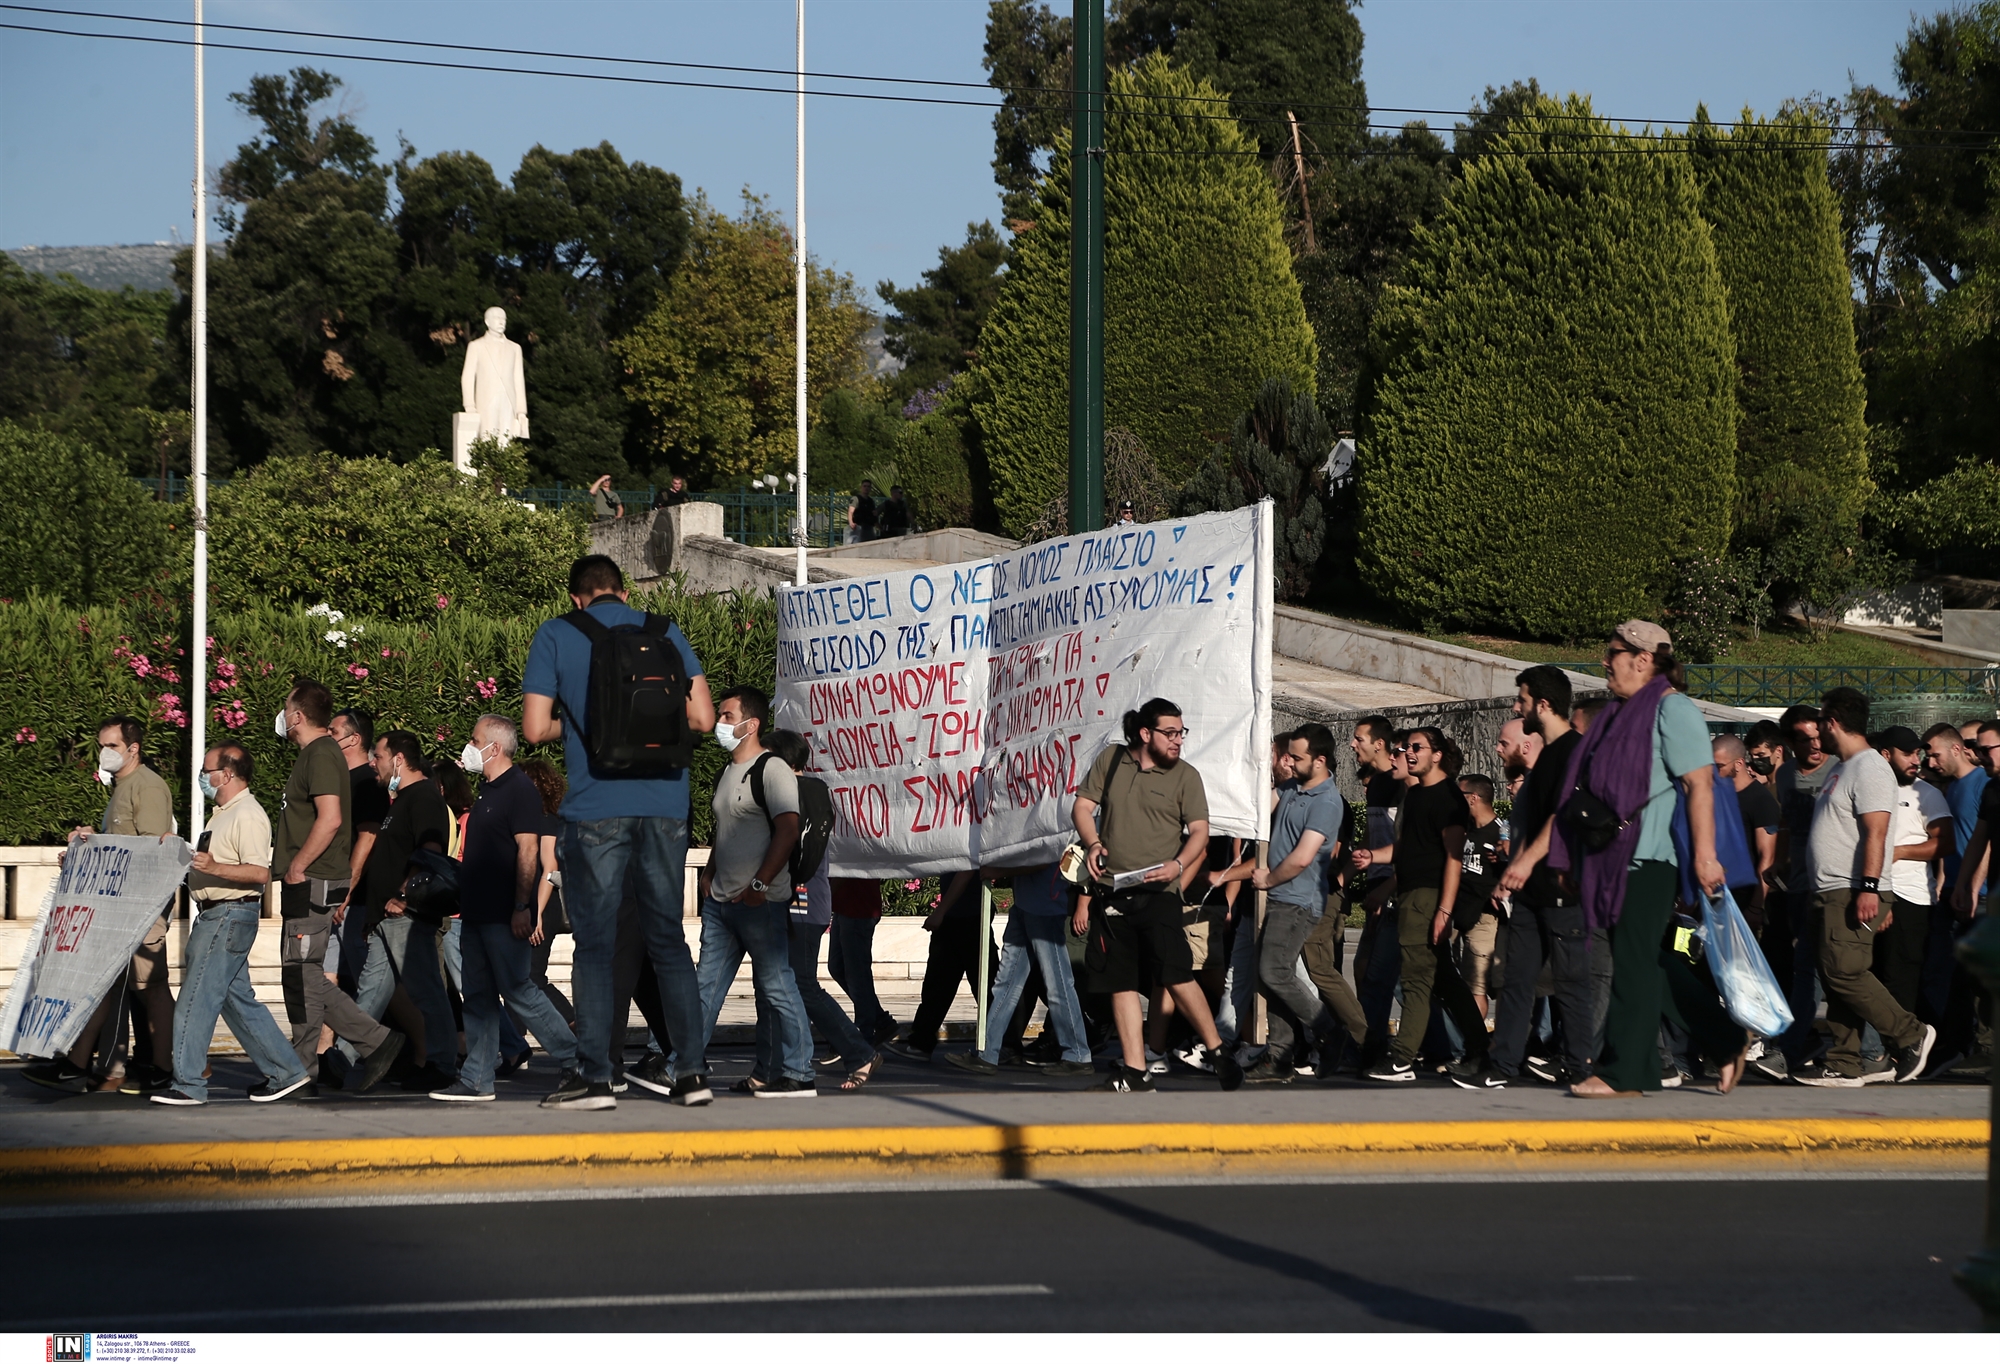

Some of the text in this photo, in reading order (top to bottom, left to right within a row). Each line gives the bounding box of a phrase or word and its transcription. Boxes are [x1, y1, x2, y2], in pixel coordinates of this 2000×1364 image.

[910, 573, 934, 613] Ο
[951, 559, 1010, 606] ΝΕΟΣ
[1017, 542, 1070, 592] ΝΟΜΟΣ
[1073, 529, 1156, 577] ΠΛΑΙΣΙΟ
[810, 630, 887, 675] ΕΙΣΟΔΟ
[898, 622, 931, 661] ΤΗΣ
[922, 709, 982, 759] ΖΩΗ
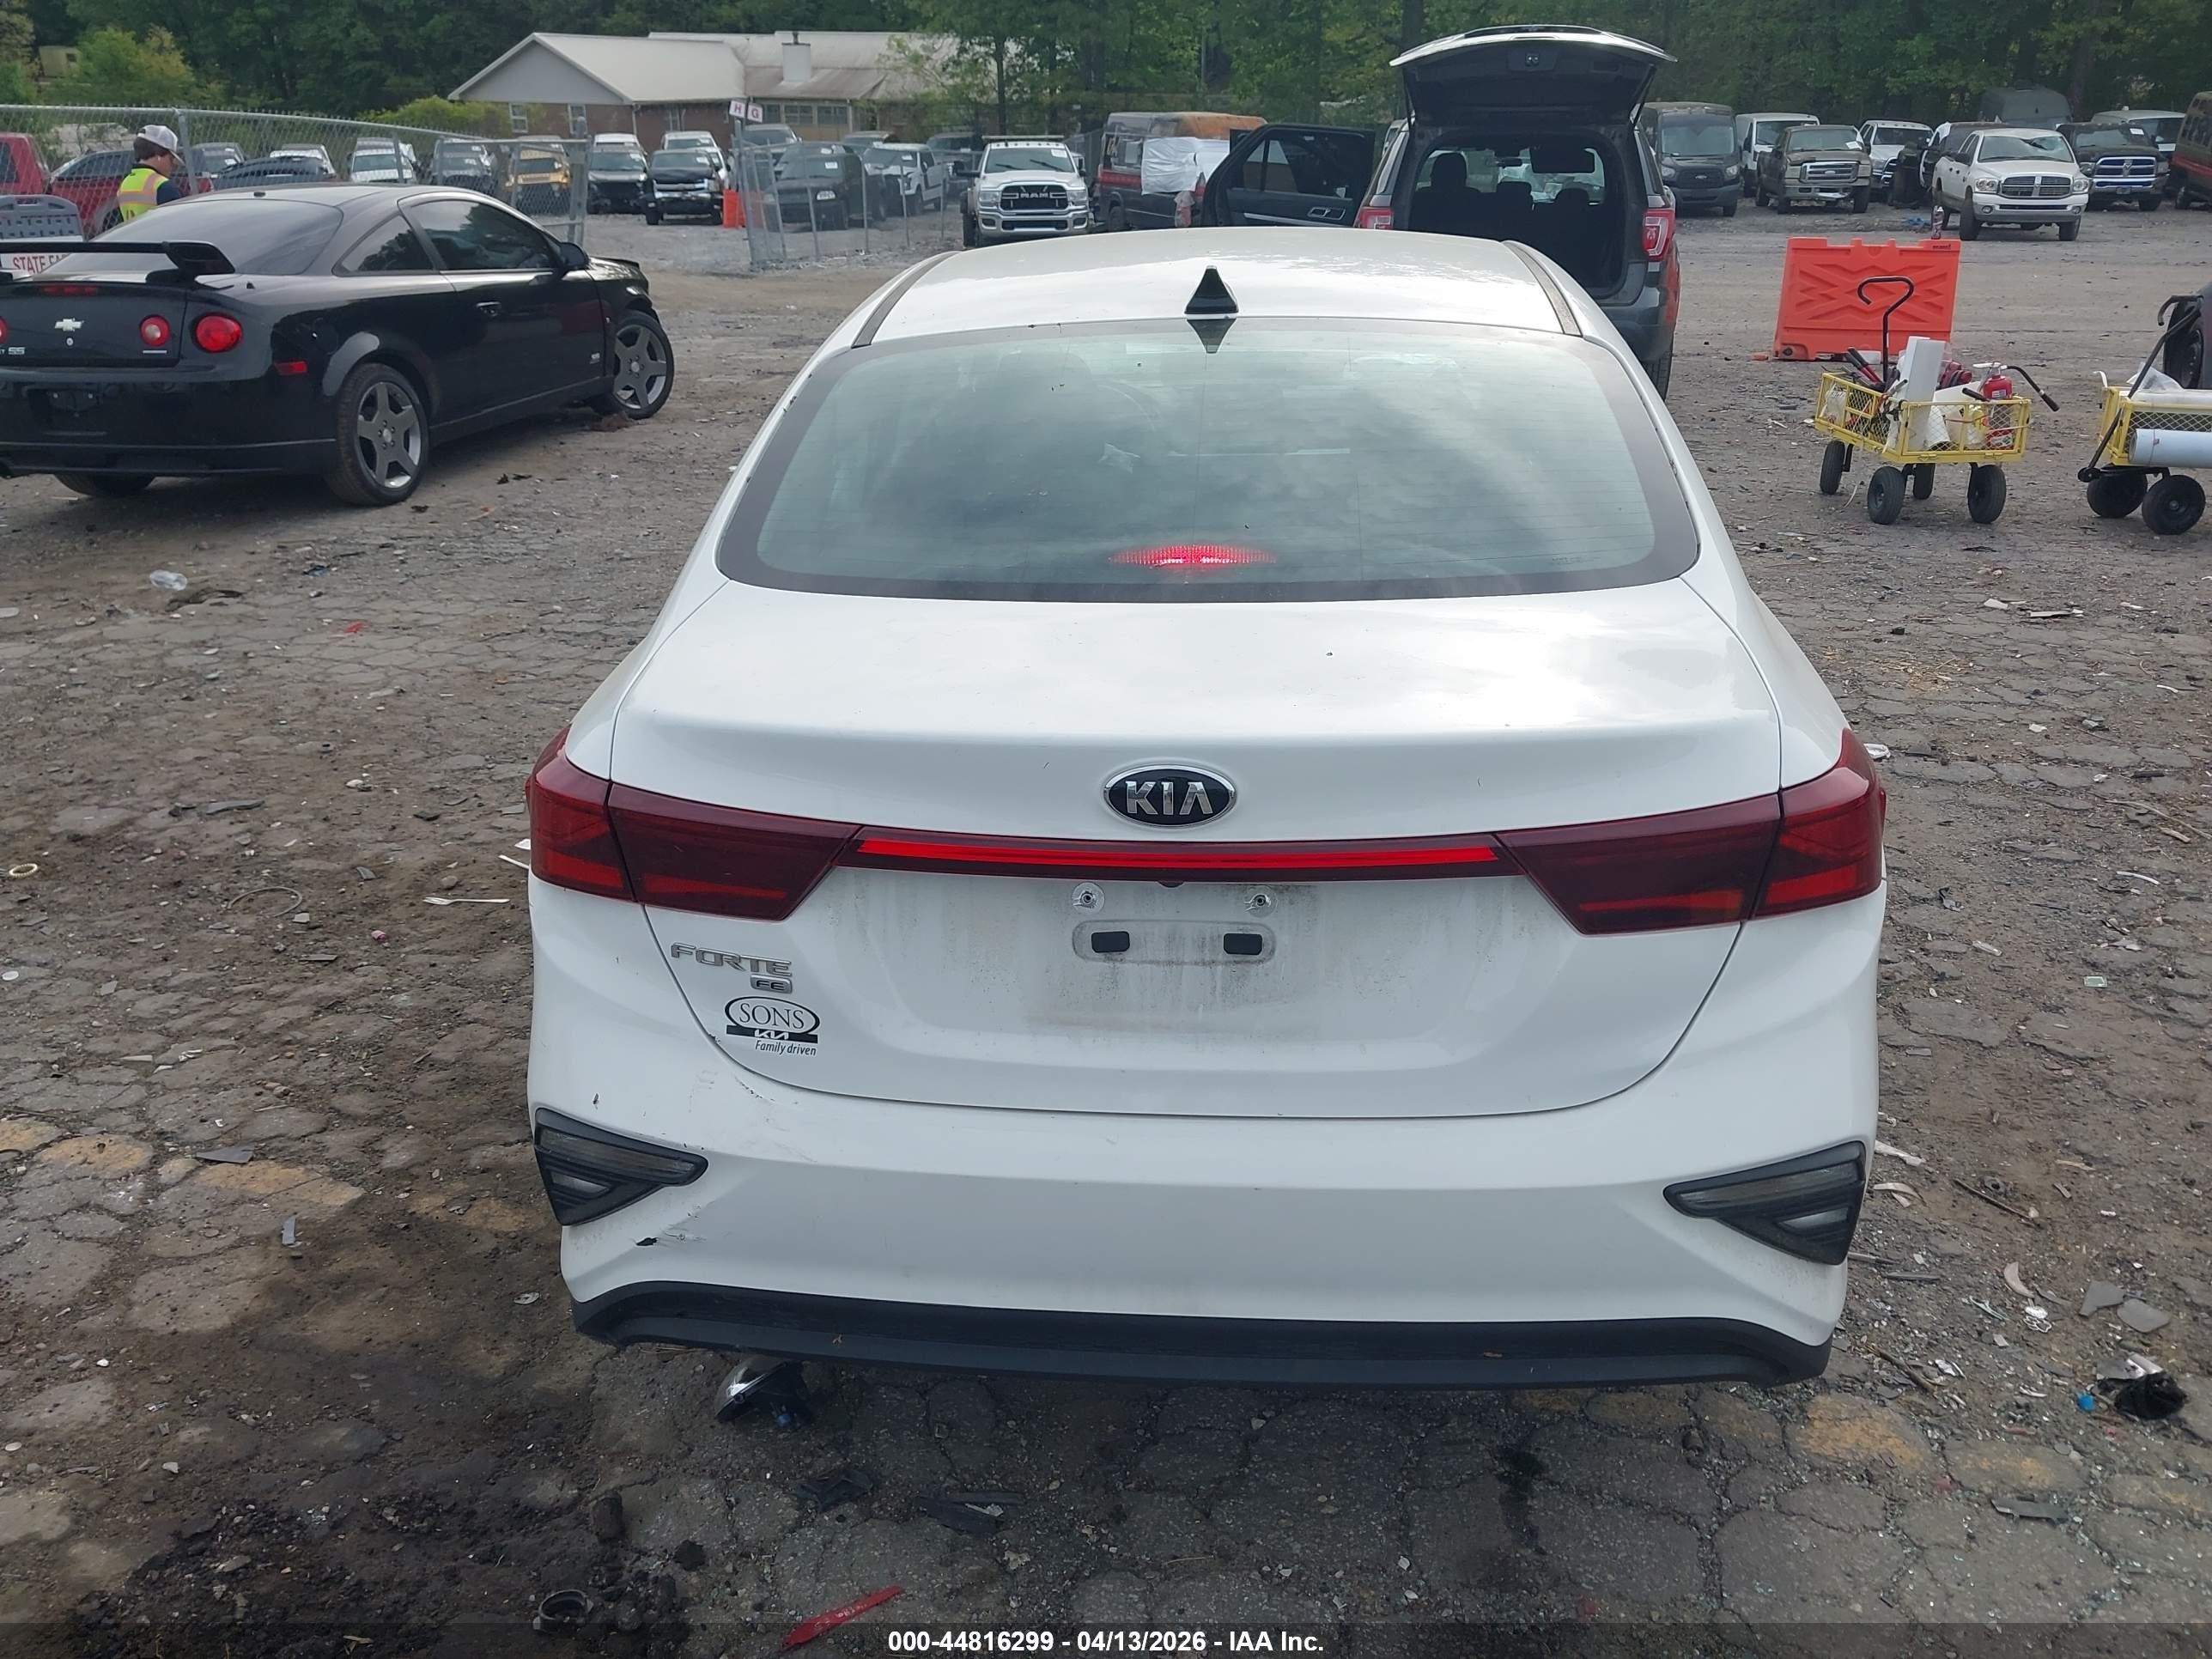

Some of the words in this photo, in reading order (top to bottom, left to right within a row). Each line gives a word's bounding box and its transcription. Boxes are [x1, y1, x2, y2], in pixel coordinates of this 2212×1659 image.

[14, 256, 46, 274] STATE
[1125, 781, 1213, 815] KIA
[671, 942, 793, 976] FORTE
[756, 979, 786, 991] FE
[739, 1002, 805, 1030] SONS
[755, 1040, 787, 1055] Family
[787, 1042, 817, 1056] driven
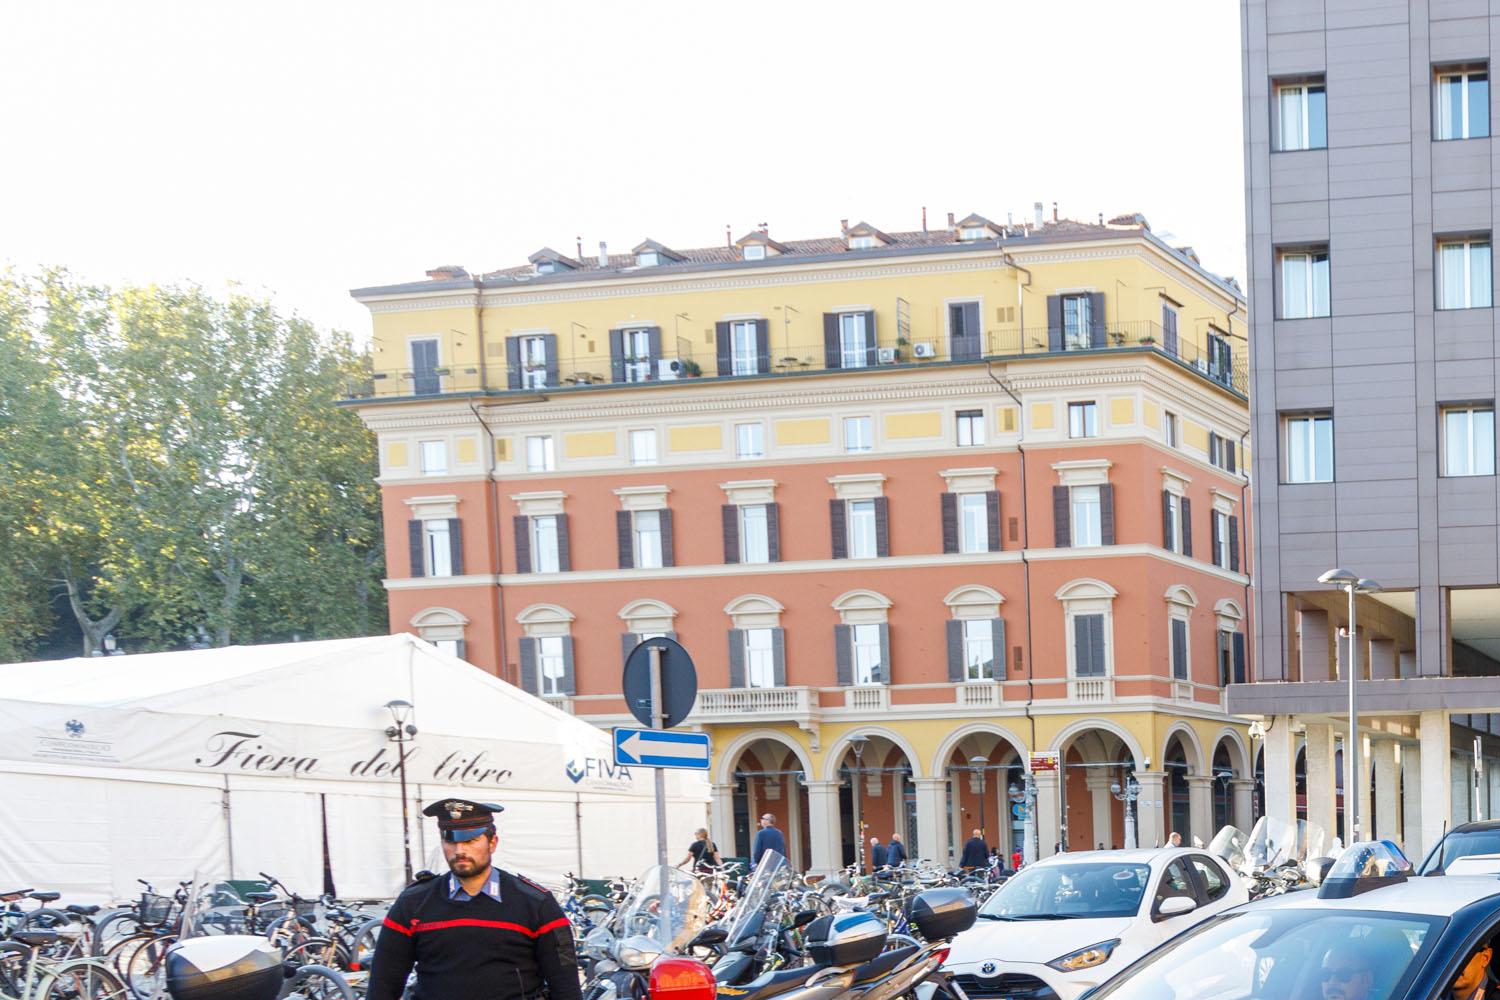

____

## Your goal
Quote the data above in full, leaving out the pictures it holds.

## Output for this exercise
Some of the text in this photo, in reading order (top to bottom, left to right within a row). Each line gives the bounding box of a phrase or word and its transcription. Boxes are [x1, y1, x2, y2], in pixel coordinates of this 2000×1364 image.

[910, 573, 934, 613] Ο
[951, 559, 1010, 606] ΝΕΟΣ
[1017, 542, 1070, 592] ΝΟΜΟΣ
[1073, 529, 1156, 577] ΠΛΑΙΣΙΟ
[810, 630, 887, 675] ΕΙΣΟΔΟ
[898, 622, 931, 661] ΤΗΣ
[922, 709, 982, 759] ΖΩΗ

Some of the words in this photo, in reading order (top to bottom, left to right within a row). Each line gives a word's bounding box and its transcription. Boxes are [x1, y1, x2, y2], in pixel coordinates of this 2212×1659 image.

[14, 256, 46, 274] STATE
[1125, 781, 1213, 815] KIA
[671, 942, 793, 976] FORTE
[756, 979, 786, 991] FE
[739, 1002, 805, 1030] SONS
[755, 1040, 787, 1055] Family
[787, 1042, 817, 1056] driven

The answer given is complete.